Tensions are running high in the northern Indian state of Punjab as authorities conduct a massive manhunt for Sikh separatist leader Amritpal Singh, who has evaded capture since March 18. He is wanted for disrupting communal harmony: on February 23, he and a group of supporters allegedly raided a police station armed with knives, guns, and swords, demanding the release of one of Singh’s aides.
Since then, more than 150 people with alleged connections to Singh have been arrested, and on Saturday, the police blocked mobile internet access for the state’s 30 million residents, 58 per cent of whom are Sikhs. Authorities said they partially restored internet access on March 21.
A brief history of Sikh separatism
Punjab was wracked by a decade of violence starting in the early 1980s, when Sikh separatists demanded an independent homeland they called Khalistan. Amritpral Singh has likened himself to a leading Sikh separatist at the time, Jarnail Singh Bhindranwale, who was killed when the Indian army stormed the Golden Temple – Sikhism’s holiest shrine – in 1984. Later that year, prime minister Indira Gandhi was assassinated by her Sikh bodyguard. In the violence that ensured, thousands of people in Punjab were killed – both Sikh and non-Sikh – by the insurgents and the Indian military.
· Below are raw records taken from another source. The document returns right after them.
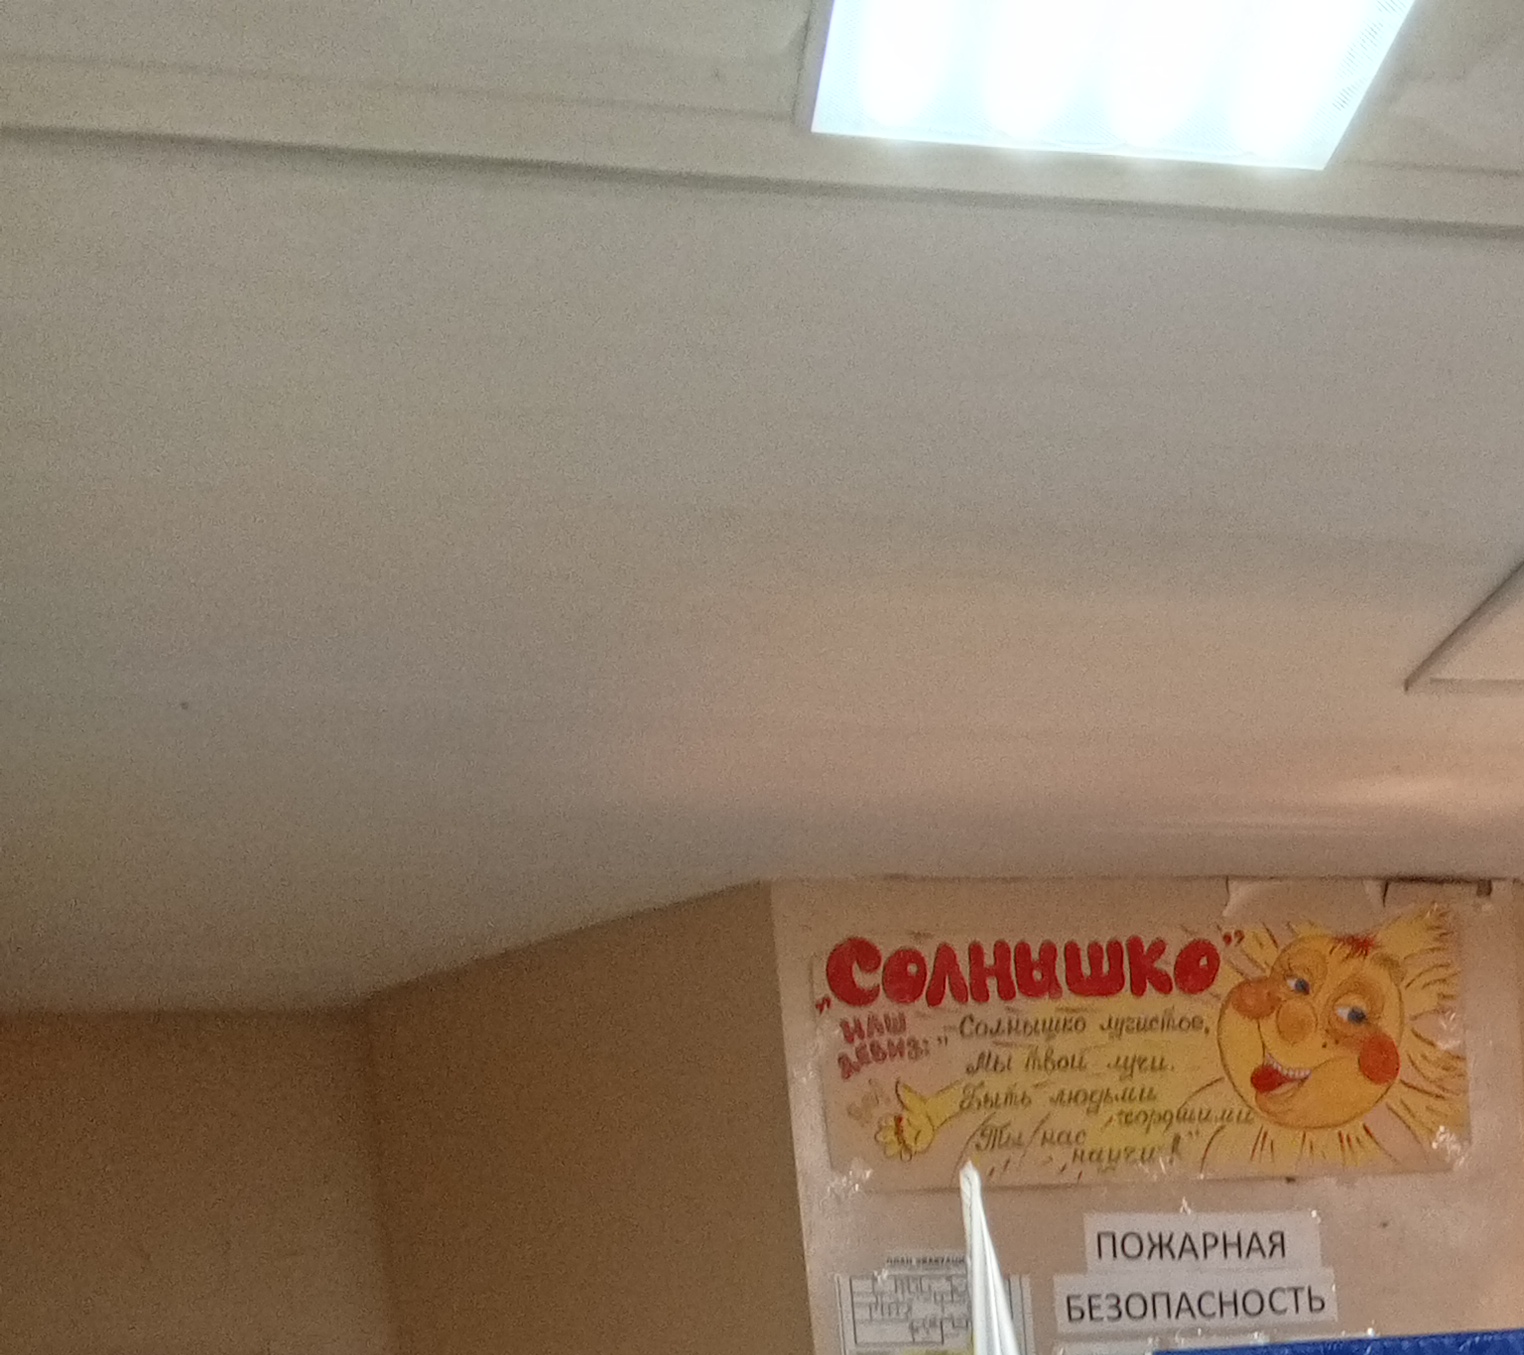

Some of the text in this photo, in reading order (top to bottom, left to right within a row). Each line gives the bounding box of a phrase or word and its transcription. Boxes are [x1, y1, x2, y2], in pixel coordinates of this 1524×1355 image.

[966, 1051, 1012, 1074] Мы
[1050, 1087, 1158, 1115] людьми
[1041, 1127, 1087, 1147] нас
[1096, 1230, 1286, 1261] ПОЖАРНАЯ
[1065, 1286, 1326, 1324] БЕЗОПАСНОСТЬ
Support for the Khalistan movement is now outlawed in India, thus the manhunt to take Singh into custody.
Fugitive’s rapid – and unlikely – emergence
Amritpral Singh’s emergence as the voice of Sikh separatism was both abrupt and unlikely. Until recently, the 30-year-old was working as a truck driver in the United Arab Emirates. But in early 2022, he seems to have stepped into the void filled by the accidental death of Deep Sidhu, an actor and activist who had championed the cause of Sikhs who were a major force in the farmers’ protest movement of 2020-21. Singh’s fiery speeches have galvanized some in Punjab, but it is not clear whether his ideas have widespread support among the state’s Sikh population.